The full set of records must be returned exactly, character for character.

§ **Input data**
════════════════════

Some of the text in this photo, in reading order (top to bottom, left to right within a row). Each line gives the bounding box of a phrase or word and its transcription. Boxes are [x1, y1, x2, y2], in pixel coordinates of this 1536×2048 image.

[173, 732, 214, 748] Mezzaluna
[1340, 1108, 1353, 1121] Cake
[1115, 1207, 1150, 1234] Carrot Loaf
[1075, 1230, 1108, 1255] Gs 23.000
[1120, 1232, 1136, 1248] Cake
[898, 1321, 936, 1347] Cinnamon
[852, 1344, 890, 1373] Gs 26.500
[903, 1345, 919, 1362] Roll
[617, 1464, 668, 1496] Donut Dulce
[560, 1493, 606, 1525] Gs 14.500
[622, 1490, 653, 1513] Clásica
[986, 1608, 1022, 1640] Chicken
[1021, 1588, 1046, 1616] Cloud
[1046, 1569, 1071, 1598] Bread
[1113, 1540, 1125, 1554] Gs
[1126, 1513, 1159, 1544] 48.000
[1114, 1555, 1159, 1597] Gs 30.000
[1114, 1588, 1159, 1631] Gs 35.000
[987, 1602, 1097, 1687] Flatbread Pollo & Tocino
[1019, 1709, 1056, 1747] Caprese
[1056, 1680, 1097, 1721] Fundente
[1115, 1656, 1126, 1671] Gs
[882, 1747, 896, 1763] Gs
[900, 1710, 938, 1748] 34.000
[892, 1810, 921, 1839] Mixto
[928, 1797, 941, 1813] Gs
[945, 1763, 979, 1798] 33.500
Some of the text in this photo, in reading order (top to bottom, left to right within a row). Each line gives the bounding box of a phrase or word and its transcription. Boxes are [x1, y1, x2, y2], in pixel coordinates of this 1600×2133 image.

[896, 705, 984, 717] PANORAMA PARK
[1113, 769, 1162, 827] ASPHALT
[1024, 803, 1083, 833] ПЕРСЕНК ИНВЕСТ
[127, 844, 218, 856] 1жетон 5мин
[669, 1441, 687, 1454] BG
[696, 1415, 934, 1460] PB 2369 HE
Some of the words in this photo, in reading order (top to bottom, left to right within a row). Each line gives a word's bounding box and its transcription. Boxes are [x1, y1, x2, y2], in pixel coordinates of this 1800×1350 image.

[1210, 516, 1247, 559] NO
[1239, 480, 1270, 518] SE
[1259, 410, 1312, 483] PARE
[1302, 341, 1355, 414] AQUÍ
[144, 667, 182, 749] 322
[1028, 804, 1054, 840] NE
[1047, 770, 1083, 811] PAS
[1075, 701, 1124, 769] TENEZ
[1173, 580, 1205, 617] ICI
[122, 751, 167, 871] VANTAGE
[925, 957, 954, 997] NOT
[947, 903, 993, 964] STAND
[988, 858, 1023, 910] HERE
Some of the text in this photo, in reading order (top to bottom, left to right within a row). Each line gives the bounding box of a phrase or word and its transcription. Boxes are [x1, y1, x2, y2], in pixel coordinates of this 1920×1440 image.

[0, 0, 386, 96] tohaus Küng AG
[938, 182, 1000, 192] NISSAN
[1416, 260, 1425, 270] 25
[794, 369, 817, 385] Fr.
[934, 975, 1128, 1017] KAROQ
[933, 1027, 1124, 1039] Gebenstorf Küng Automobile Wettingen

════════════════════

§ **Result of this exercise**
Some of the text in this photo, in reading order (top to bottom, left to right within a row). Each line gives the bounding box of a phrase or word and its transcription. Boxes are [x1, y1, x2, y2], in pixel coordinates of this 1536×2048 image.

[173, 732, 214, 748] Mezzaluna
[1340, 1108, 1353, 1121] Cake
[1115, 1207, 1150, 1234] Carrot Loaf
[1075, 1230, 1108, 1255] Gs 23.000
[1120, 1232, 1136, 1248] Cake
[898, 1321, 936, 1347] Cinnamon
[852, 1344, 890, 1373] Gs 26.500
[903, 1345, 919, 1362] Roll
[617, 1464, 668, 1496] Donut Dulce
[560, 1493, 606, 1525] Gs 14.500
[622, 1490, 653, 1513] Clásica
[986, 1608, 1022, 1640] Chicken
[1021, 1588, 1046, 1616] Cloud
[1046, 1569, 1071, 1598] Bread
[1113, 1540, 1125, 1554] Gs
[1126, 1513, 1159, 1544] 48.000
[1114, 1555, 1159, 1597] Gs 30.000
[1114, 1588, 1159, 1631] Gs 35.000
[987, 1602, 1097, 1687] Flatbread Pollo & Tocino
[1019, 1709, 1056, 1747] Caprese
[1056, 1680, 1097, 1721] Fundente
[1115, 1656, 1126, 1671] Gs
[882, 1747, 896, 1763] Gs
[900, 1710, 938, 1748] 34.000
[892, 1810, 921, 1839] Mixto
[928, 1797, 941, 1813] Gs
[945, 1763, 979, 1798] 33.500
Some of the text in this photo, in reading order (top to bottom, left to right within a row). Each line gives the bounding box of a phrase or word and its transcription. Boxes are [x1, y1, x2, y2], in pixel coordinates of this 1600×2133 image.

[896, 705, 984, 717] PANORAMA PARK
[1113, 769, 1162, 827] ASPHALT
[1024, 803, 1083, 833] ПЕРСЕНК ИНВЕСТ
[127, 844, 218, 856] 1жетон 5мин
[669, 1441, 687, 1454] BG
[696, 1415, 934, 1460] PB 2369 HE
Some of the words in this photo, in reading order (top to bottom, left to right within a row). Each line gives a word's bounding box and its transcription. Boxes are [x1, y1, x2, y2], in pixel coordinates of this 1800×1350 image.

[1210, 516, 1247, 559] NO
[1239, 480, 1270, 518] SE
[1259, 410, 1312, 483] PARE
[1302, 341, 1355, 414] AQUÍ
[144, 667, 182, 749] 322
[1028, 804, 1054, 840] NE
[1047, 770, 1083, 811] PAS
[1075, 701, 1124, 769] TENEZ
[1173, 580, 1205, 617] ICI
[122, 751, 167, 871] VANTAGE
[925, 957, 954, 997] NOT
[947, 903, 993, 964] STAND
[988, 858, 1023, 910] HERE
Some of the text in this photo, in reading order (top to bottom, left to right within a row). Each line gives the bounding box of a phrase or word and its transcription. Boxes are [x1, y1, x2, y2], in pixel coordinates of this 1920×1440 image.

[0, 0, 386, 96] tohaus Küng AG
[938, 182, 1000, 192] NISSAN
[1416, 260, 1425, 270] 25
[794, 369, 817, 385] Fr.
[934, 975, 1128, 1017] KAROQ
[933, 1027, 1124, 1039] Gebenstorf Küng Automobile Wettingen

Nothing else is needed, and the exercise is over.